Published: Tuesday, November 20, 2007

Updated: Saturday, October 10, 2009

This year's installment in the Davis, Markert, Nickerson Lecture series occurred Friday November 9, when Nadine Strossen, President of the American Civil Liberties Union (ACLU), discussed the growing vulnerability of academic and intellectual freedom, and how the American Civil Liberties Union protects these First Amendment rights at U-M's Law School.

After a brief introduction by University Librarian and former Provost Paul Courant, Strossen, a Professor at the New York Law School, and president of the ACLU since 1991, began to outline the importance of preserving freedom in spite of the costs of protecting the rights of those who use hate speech. Strossen's lecture was entitled "Defending Freedom: Even for the Thoughts We Hate."

Strossen points out how in the post-9/11 world, today's forms of censorship seem justified because of the goal of protecting against terrorism. Examples include government wiretapping, prosecuting the press for exposing illegal government activities, and censoring the internet.

However, Strossen said that the American public labors under a historical hubris, a concept that implies that each generation thinks they are encountering new, unique obstacles that require special exceptions when, in hindsight, they should actually be looking back on history with humility.

"Later generations can have the privilege of seeing how the government has oppressed those in the past," said Strossen, which is why she emphasizes the "bedrock principle of content neutrality" in all cases the ACLU undertakes.

Exercising content neutrality is perhaps best seen in the Skokie case of 1978. Skokie was home to a sizable number of Holocaust survivors, and members of the National Socialist Party of America (affiliated with the American Nazi Party) planned to march through it.
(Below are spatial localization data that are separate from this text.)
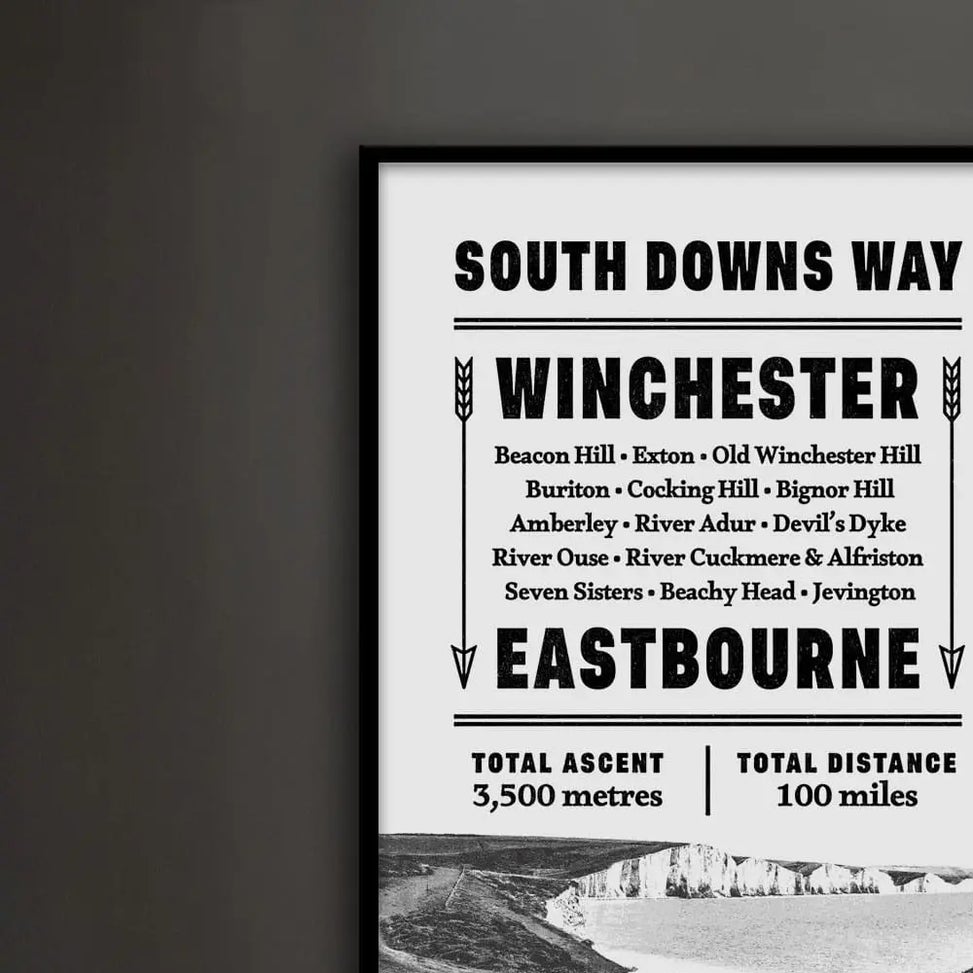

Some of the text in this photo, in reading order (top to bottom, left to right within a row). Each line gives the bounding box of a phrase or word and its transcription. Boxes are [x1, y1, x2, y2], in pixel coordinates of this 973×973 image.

[455, 240, 962, 291] SOUTH DOWNS WAY
[496, 356, 918, 420] WINCHESTER
[495, 444, 922, 464] Beacon Hill Exton Old Winchester Hill
[526, 478, 895, 504] Buriton Cocking Hill Bignor Hill
[509, 511, 906, 538] Amberley River Adur Devil’s Dyke
[492, 546, 924, 566] River Ouse River Cuckmere & Alfriston
[505, 580, 916, 606] Seven Sisters Beachy Head Jevington
[497, 627, 920, 690] EASTBOURNE
[472, 752, 663, 773] TOTAL ASCENT
[737, 752, 956, 773] TOTAL DISTANCE
[473, 784, 663, 813] 3,500 metres
[778, 781, 918, 807] 100 miles
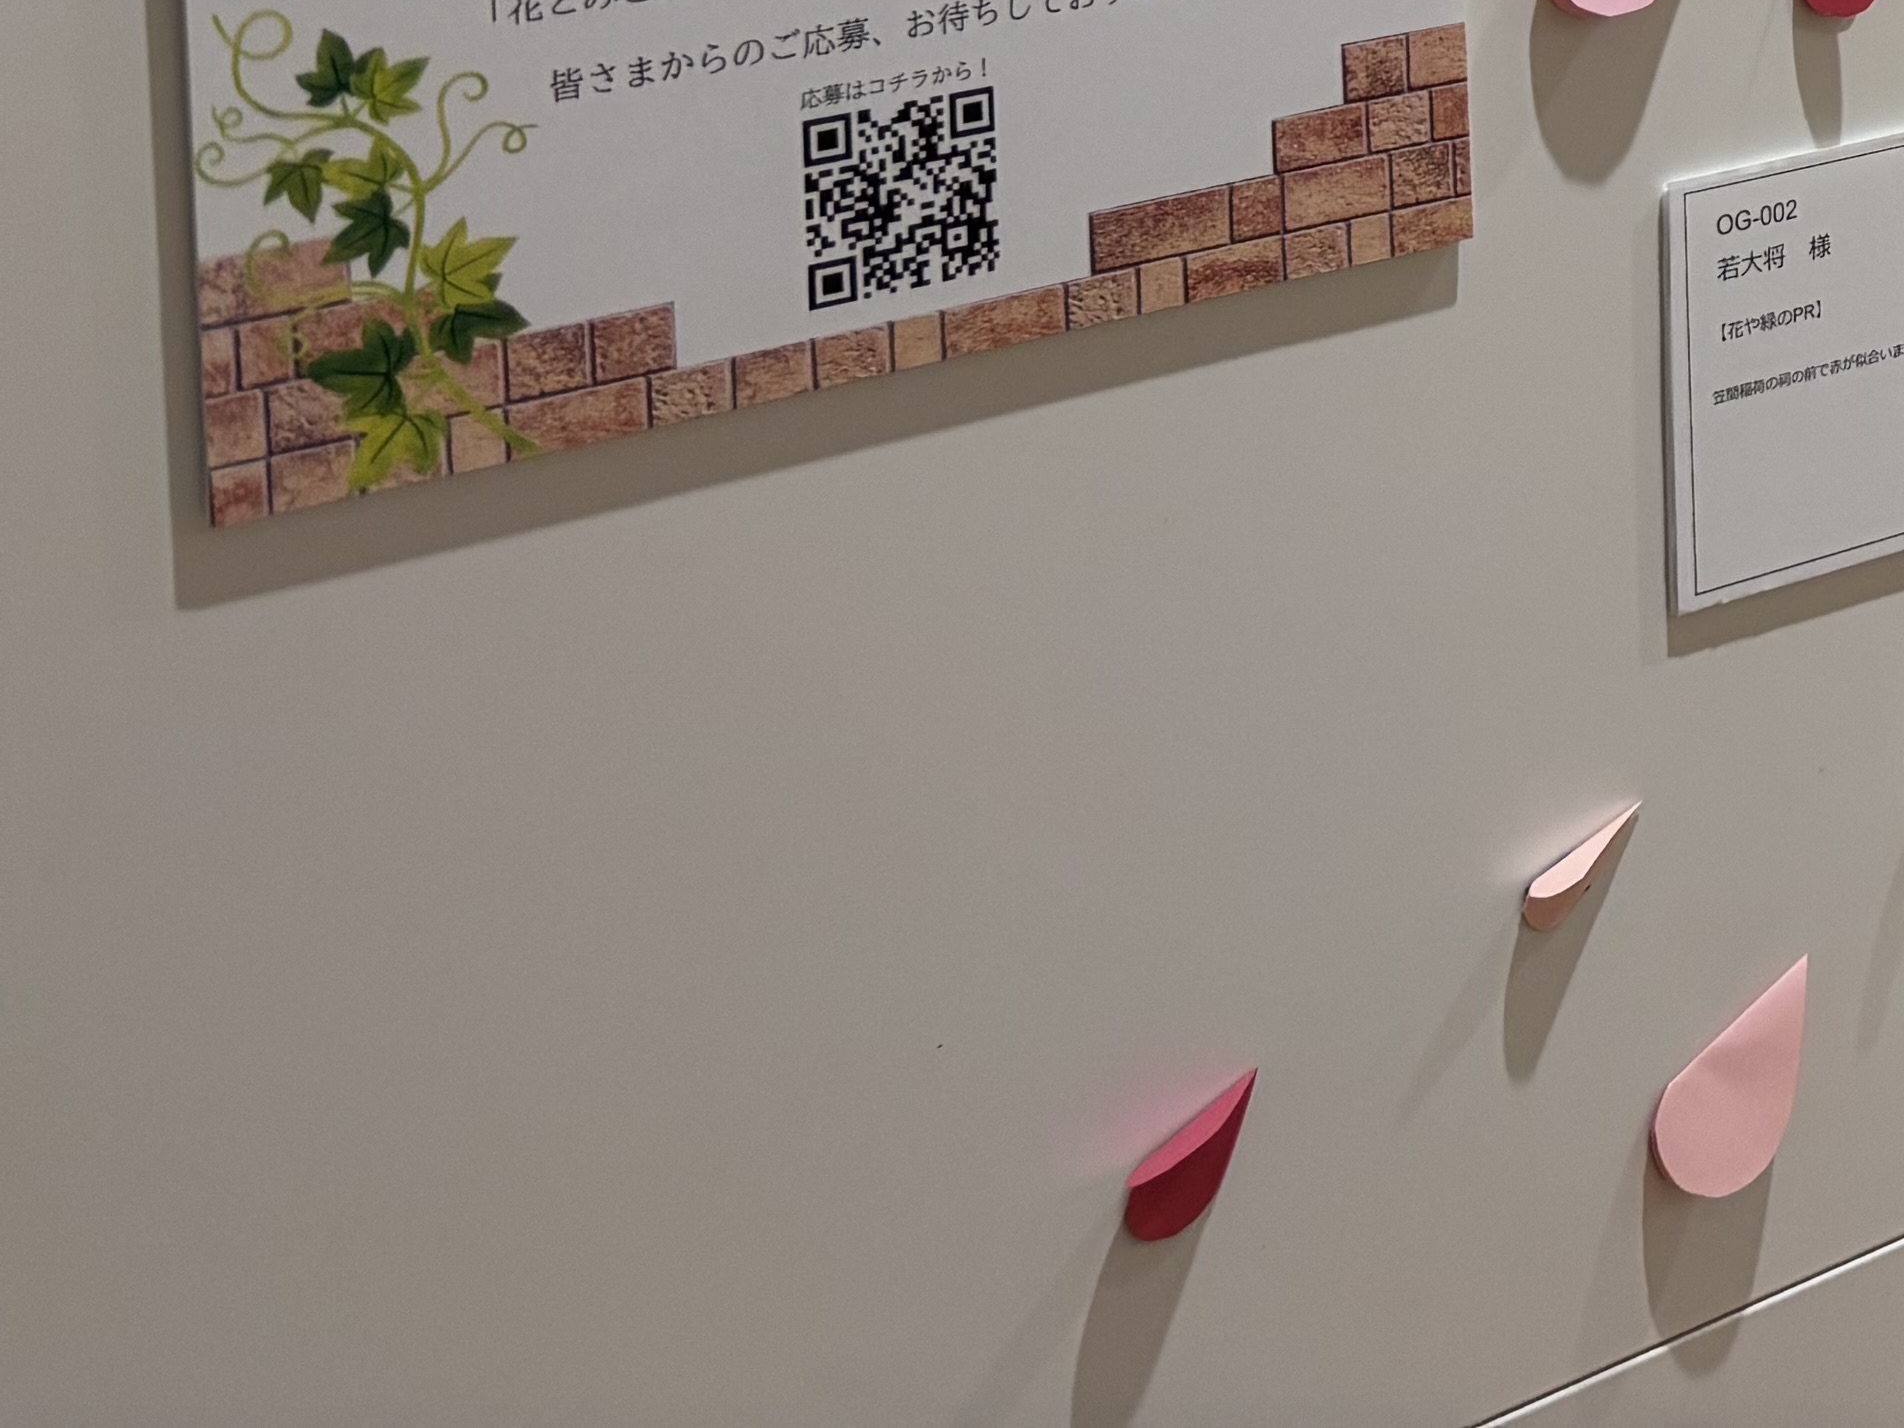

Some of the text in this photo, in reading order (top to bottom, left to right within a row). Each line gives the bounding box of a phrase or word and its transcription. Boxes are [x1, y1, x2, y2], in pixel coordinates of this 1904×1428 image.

[1715, 198, 1799, 236] OG-002
[1716, 232, 1832, 282] 若大将 様
[1720, 299, 1823, 343] 【花や緑のPR】
The village refused to allow the march, and the ACLU interceded to represent the NSPA. The NSPA won the case on the basis of First Amendment rights and continued their march. 15 percent of ACLU members consequently resigned.

Representing controversial clients proves the content neutrality and nonpartisanship of the ACLU, Strossen explained.
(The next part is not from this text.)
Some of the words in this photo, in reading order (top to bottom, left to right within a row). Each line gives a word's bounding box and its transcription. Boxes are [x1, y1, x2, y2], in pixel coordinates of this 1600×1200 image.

"We all have different ideas for what the 'just one' exception is for the cases we cannot represent: people who exercise racism, hate speech, or the desecration of the United States flag. If you add all these exceptions up, it drowns out content neutrality altogether," said Strossen.

Strossen admitted that many of the cases the ACLU represents appear to be defending "dangerous, odious, evil ideas that go too far," referencing the Skokie case as an example, but she explained that these demonstrated how first amendment rights are taken for granted until one's own views are attacked.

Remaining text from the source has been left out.